Give back every record word for word, keeping the pictures out.

##### Exercise materials

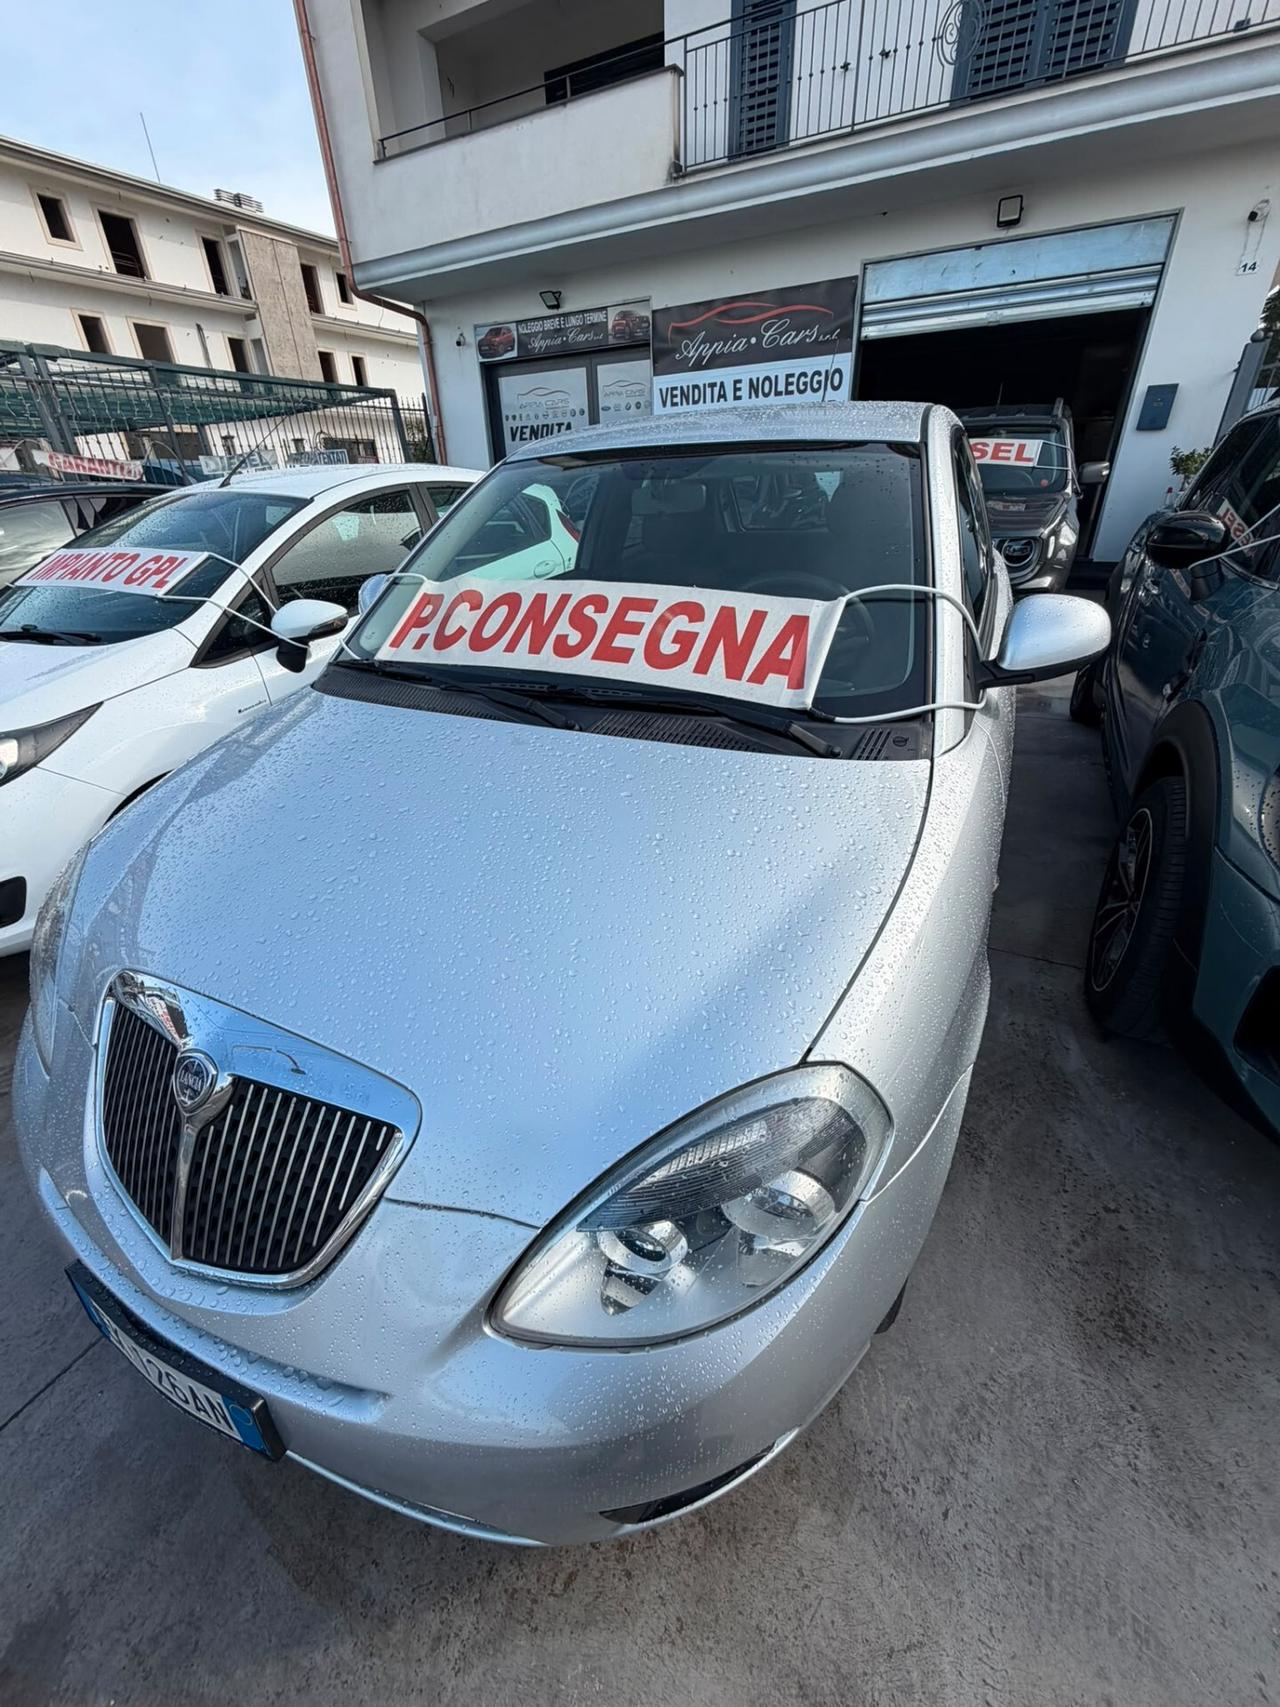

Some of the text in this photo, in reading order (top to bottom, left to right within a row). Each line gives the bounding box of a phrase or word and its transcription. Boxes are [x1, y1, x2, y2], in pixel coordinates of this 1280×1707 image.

[1241, 261, 1257, 273] 14
[518, 310, 607, 334] NOLEGGIO BREVE E LUNGO TERMINE
[528, 333, 562, 353] Appia
[566, 327, 594, 343] Cars
[675, 329, 748, 368] Appia
[761, 318, 819, 348] Cars
[659, 367, 844, 408] VENDITA E NOLEGGIO
[510, 421, 572, 442] VENDITA
[27, 552, 188, 589] IMPIANTO GPL
[388, 589, 811, 690] P.CONSEGNA

##########

## Reply to the task
Some of the text in this photo, in reading order (top to bottom, left to right within a row). Each line gives the bounding box of a phrase or word and its transcription. Boxes are [x1, y1, x2, y2], in pixel coordinates of this 1280×1707 image.

[1241, 261, 1257, 273] 14
[518, 310, 607, 334] NOLEGGIO BREVE E LUNGO TERMINE
[528, 333, 562, 353] Appia
[566, 327, 594, 343] Cars
[675, 329, 748, 368] Appia
[761, 318, 819, 348] Cars
[659, 367, 844, 408] VENDITA E NOLEGGIO
[510, 421, 572, 442] VENDITA
[27, 552, 188, 589] IMPIANTO GPL
[388, 589, 811, 690] P.CONSEGNA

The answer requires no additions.